## Required action
Each entry must be restated word for word, with nothing omitted.

## Provided records

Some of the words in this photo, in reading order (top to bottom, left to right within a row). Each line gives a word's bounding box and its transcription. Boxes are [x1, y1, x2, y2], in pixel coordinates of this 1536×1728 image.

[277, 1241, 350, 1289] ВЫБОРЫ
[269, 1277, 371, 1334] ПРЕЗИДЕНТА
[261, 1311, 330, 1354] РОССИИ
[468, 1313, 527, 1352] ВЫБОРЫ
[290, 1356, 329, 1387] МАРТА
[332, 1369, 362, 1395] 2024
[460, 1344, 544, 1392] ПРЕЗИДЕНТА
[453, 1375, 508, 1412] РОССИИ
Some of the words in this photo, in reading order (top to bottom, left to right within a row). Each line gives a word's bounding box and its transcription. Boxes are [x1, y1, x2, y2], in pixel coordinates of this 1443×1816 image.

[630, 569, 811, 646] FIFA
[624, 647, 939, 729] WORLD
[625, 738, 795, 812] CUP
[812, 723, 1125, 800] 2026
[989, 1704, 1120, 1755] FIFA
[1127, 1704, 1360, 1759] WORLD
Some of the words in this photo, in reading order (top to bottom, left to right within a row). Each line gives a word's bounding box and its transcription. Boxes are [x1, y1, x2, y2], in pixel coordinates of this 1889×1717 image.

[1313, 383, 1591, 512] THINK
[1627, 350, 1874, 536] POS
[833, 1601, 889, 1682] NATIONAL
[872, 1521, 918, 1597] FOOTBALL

## Exercise output
Some of the words in this photo, in reading order (top to bottom, left to right within a row). Each line gives a word's bounding box and its transcription. Boxes are [x1, y1, x2, y2], in pixel coordinates of this 1536×1728 image.

[277, 1241, 350, 1289] ВЫБОРЫ
[269, 1277, 371, 1334] ПРЕЗИДЕНТА
[261, 1311, 330, 1354] РОССИИ
[468, 1313, 527, 1352] ВЫБОРЫ
[290, 1356, 329, 1387] МАРТА
[332, 1369, 362, 1395] 2024
[460, 1344, 544, 1392] ПРЕЗИДЕНТА
[453, 1375, 508, 1412] РОССИИ
Some of the words in this photo, in reading order (top to bottom, left to right within a row). Each line gives a word's bounding box and its transcription. Boxes are [x1, y1, x2, y2], in pixel coordinates of this 1443×1816 image.

[630, 569, 811, 646] FIFA
[624, 647, 939, 729] WORLD
[625, 738, 795, 812] CUP
[812, 723, 1125, 800] 2026
[989, 1704, 1120, 1755] FIFA
[1127, 1704, 1360, 1759] WORLD
Some of the words in this photo, in reading order (top to bottom, left to right within a row). Each line gives a word's bounding box and its transcription. Boxes are [x1, y1, x2, y2], in pixel coordinates of this 1889×1717 image.

[1313, 383, 1591, 512] THINK
[1627, 350, 1874, 536] POS
[833, 1601, 889, 1682] NATIONAL
[872, 1521, 918, 1597] FOOTBALL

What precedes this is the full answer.